(Problem description)
Please reproduce the records exactly, leaving out any pictures.

(Data for processing)
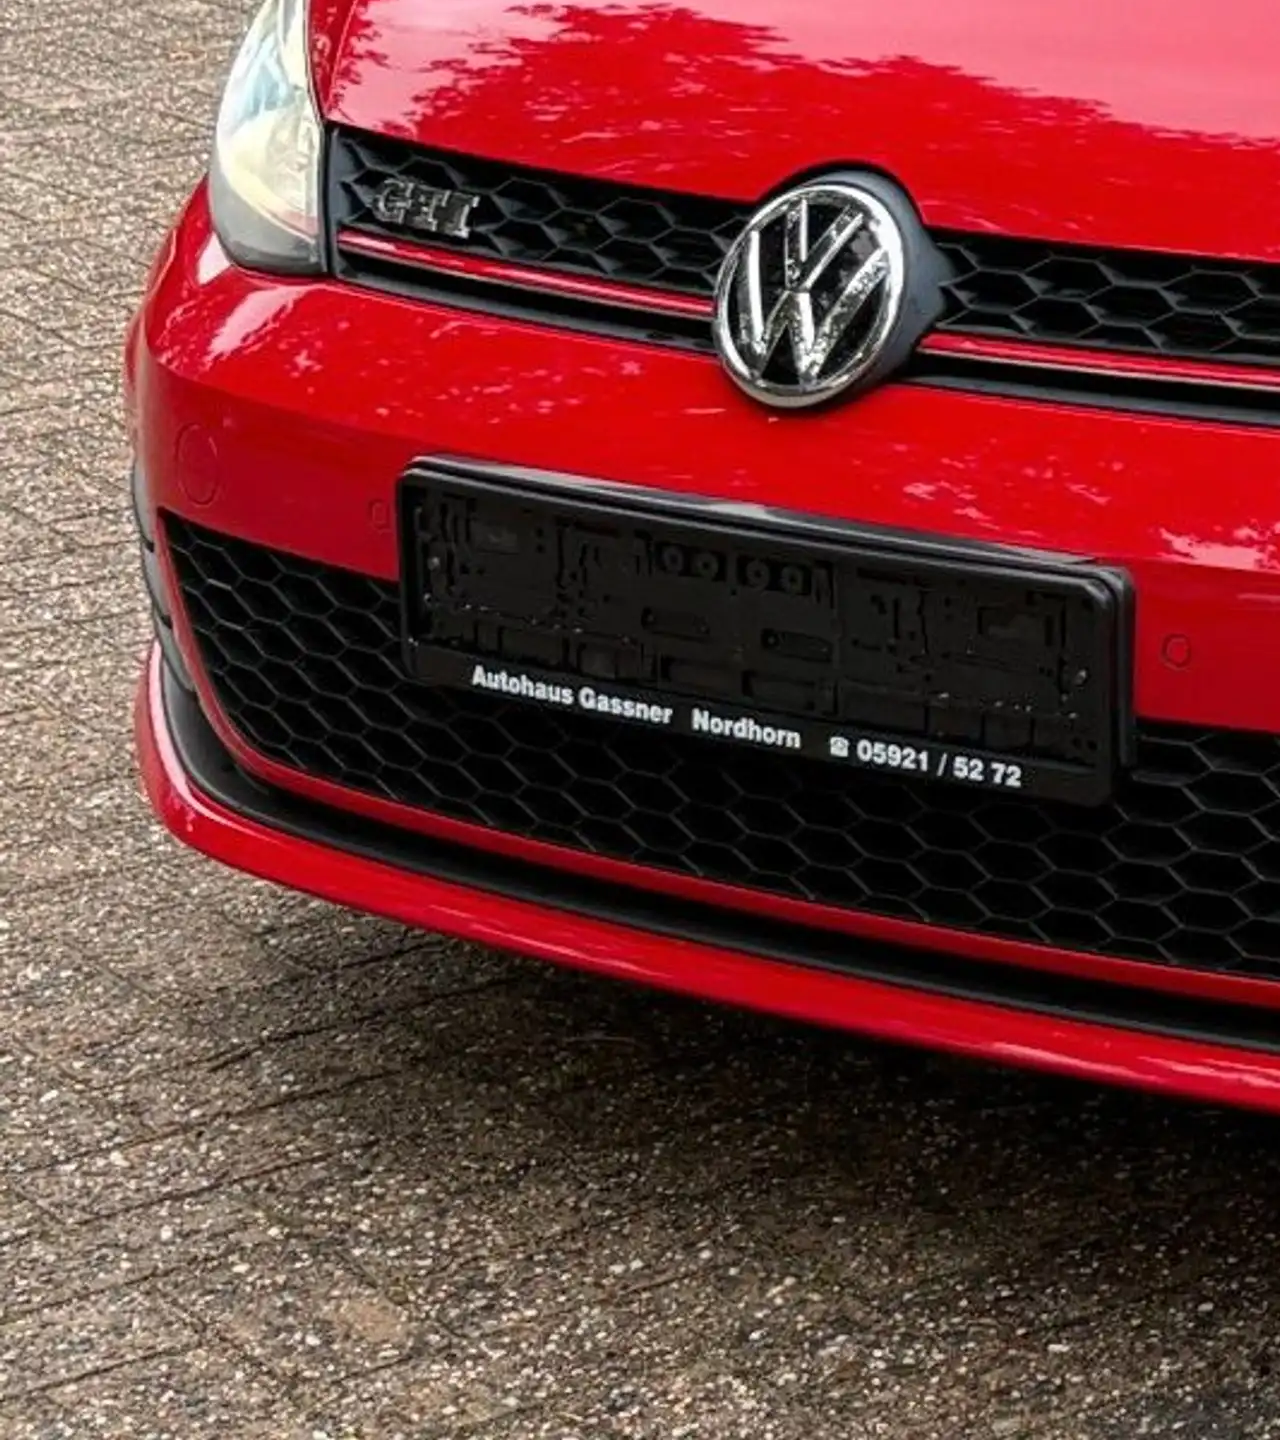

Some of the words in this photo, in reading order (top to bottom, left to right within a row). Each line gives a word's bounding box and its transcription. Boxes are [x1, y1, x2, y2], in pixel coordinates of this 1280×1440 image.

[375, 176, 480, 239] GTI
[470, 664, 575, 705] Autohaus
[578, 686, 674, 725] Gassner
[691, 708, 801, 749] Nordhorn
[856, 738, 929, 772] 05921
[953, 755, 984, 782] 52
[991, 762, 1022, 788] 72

(Response below)
Some of the words in this photo, in reading order (top to bottom, left to right within a row). Each line gives a word's bounding box and its transcription. Boxes are [x1, y1, x2, y2], in pixel coordinates of this 1280×1440 image.

[375, 176, 480, 239] GTI
[470, 664, 575, 705] Autohaus
[578, 686, 674, 725] Gassner
[691, 708, 801, 749] Nordhorn
[856, 738, 929, 772] 05921
[953, 755, 984, 782] 52
[991, 762, 1022, 788] 72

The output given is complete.